Впрочем, добирались мы ныне до места как прежде весело. Близко к октябрю заря нелегко вырывалась из мрака; но погожее лето завершилось прекрасной осенью, и запоздалое утро празднично посверкивало восходящим солнцем, изморозью на траве и паутиной на всяком кустике и каждой былинке; мы никогда не видели сразу так много паутин, казавшихся антенами, направленными в космос. Воздух был ядрёный, с запахом арбуза, тот самый, что по поэту Некрасову «усталые силы бодрит». Сегодня мы надели телогрейки. Тележка катилась живее, чем летом. Копыта мои на рысях цокали по подмёрзшей земле. Жена в тележке грызла яблоко.
Но в лесу мы сразу насторожились и, воровато озираясь по сторонам, выбрали дерево поплоше, старую еловую колоду, какую, по нашим представлениям, владельцу леса не было бы слишком жалко потерять. И пилить мы попробовали тише, но тот, что сидел в колоде, с присвистом захрипел на весь лес: «Вжик – вжик…» Отпилив чурбак, мы сквозь чащу поприглядывались к опушке, поприслушивались к внелесным звукам.
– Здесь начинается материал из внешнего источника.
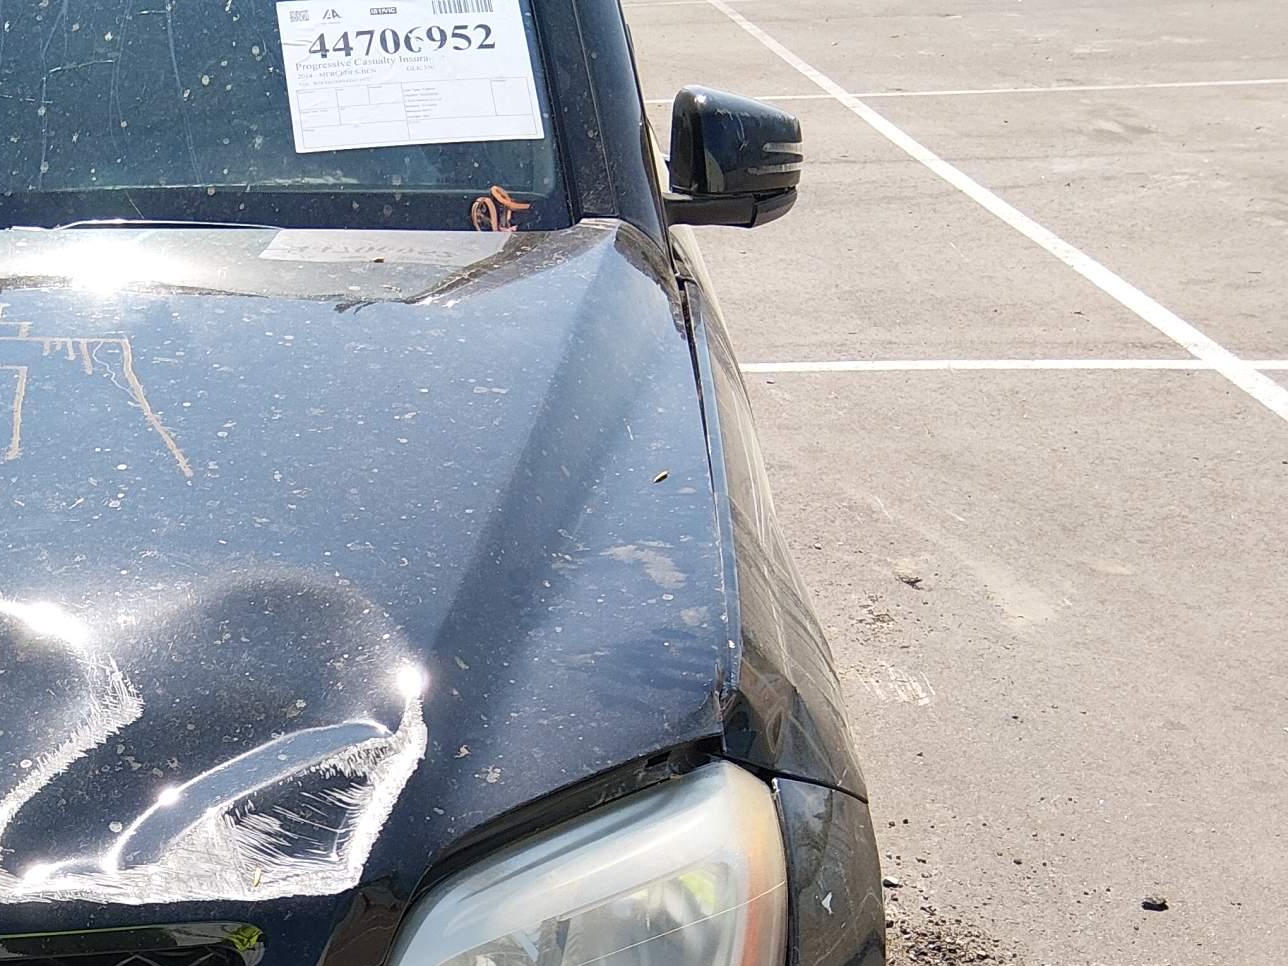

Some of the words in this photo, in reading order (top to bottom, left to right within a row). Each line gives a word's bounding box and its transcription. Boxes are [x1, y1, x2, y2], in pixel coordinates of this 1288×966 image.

Грузовая машина прогрохотала по дороге; потом мягко прокатилась легковушка, встала неподалёку, зачем-то бибикнула и опять поехала. Но собственник леса, слава Богу, пока не объявился. Ещё поработали и осмотрелись: кроме нас – никого вокруг. Отпилили третий чурбак – и снова безнаказанно. Может, подумали, не успел богатей купить лес, а то и вовсе отказался от покупки. Стали действовать смелее, нагрузили тележку и увезли домой.
…Сейчас настраиваемся на новый сезон. Если всё же встретим в ближнем лесу охрану, пойдём пилить в другой, пусть отдалённый, но общественный. А когда все леса сделаются частными, будем не воровать, но потихоньку брать своё, от века принадлежащее народу. Не пилить мы уже не можем.
Драма в курятнике
В одном из своих «деревенских» рассказов я, помнится, жаловался на гусака, который, когда я шёл к водяной колонке, бегал за мной, вытянув шею, раскинув крылья и шипя:
– Ух, ущипну!
Пробовал я говорить с ним по душам: как, мол, не стыдно? Что ты себе позволяешь? Зачем пристаёшь к человеку, ни в чём перед тобой не повинному? Но распоясавшегося хулигана увещевать бесполезно, он понимает только кулак; и, не стерпев, я однажды пригрозил гаду:
– Если не отстанешь, шею сверну!
Мне кажется, он испугался, понял, что не шучу; пока больше не нападает, только косо глядит круглым глазом, делает вид, что ничего не боится и готов опять ринуться в атаку.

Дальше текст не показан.